▶ **What the task asks**
Every record below must come back exactly as written, with the images dropped.

▶ **The records**
=======

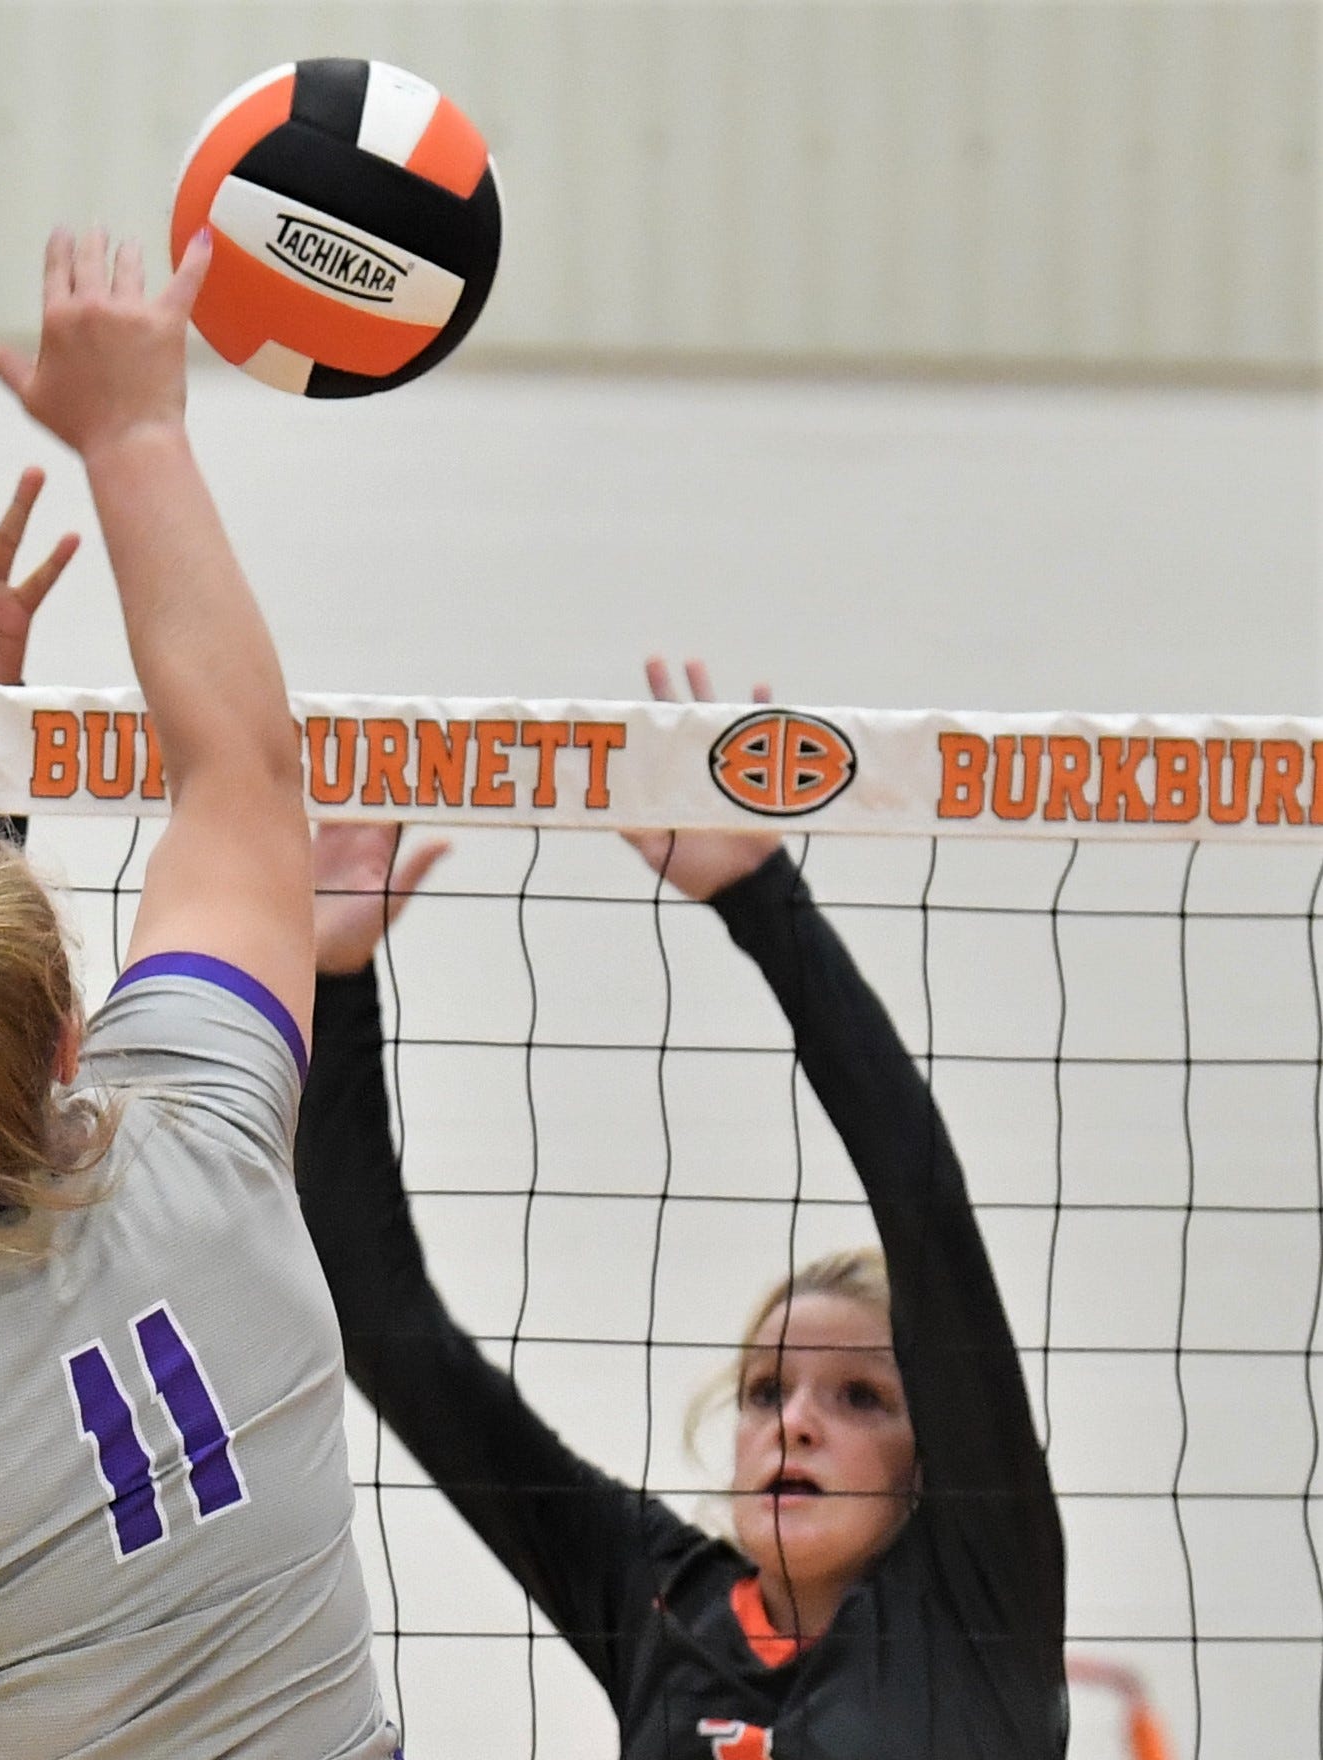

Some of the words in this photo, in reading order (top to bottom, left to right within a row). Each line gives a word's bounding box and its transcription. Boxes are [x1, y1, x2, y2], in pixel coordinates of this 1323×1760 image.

[275, 214, 398, 294] TACHIKARA
[30, 709, 626, 809] BUURNETT
[937, 731, 1323, 825] BURKBUR
[61, 1299, 251, 1564] 11

=======

▶ **Expected output**
Some of the words in this photo, in reading order (top to bottom, left to right within a row). Each line gives a word's bounding box and its transcription. Boxes are [x1, y1, x2, y2], in pixel coordinates of this 1323×1760 image.

[275, 214, 398, 294] TACHIKARA
[30, 709, 626, 809] BUURNETT
[937, 731, 1323, 825] BURKBUR
[61, 1299, 251, 1564] 11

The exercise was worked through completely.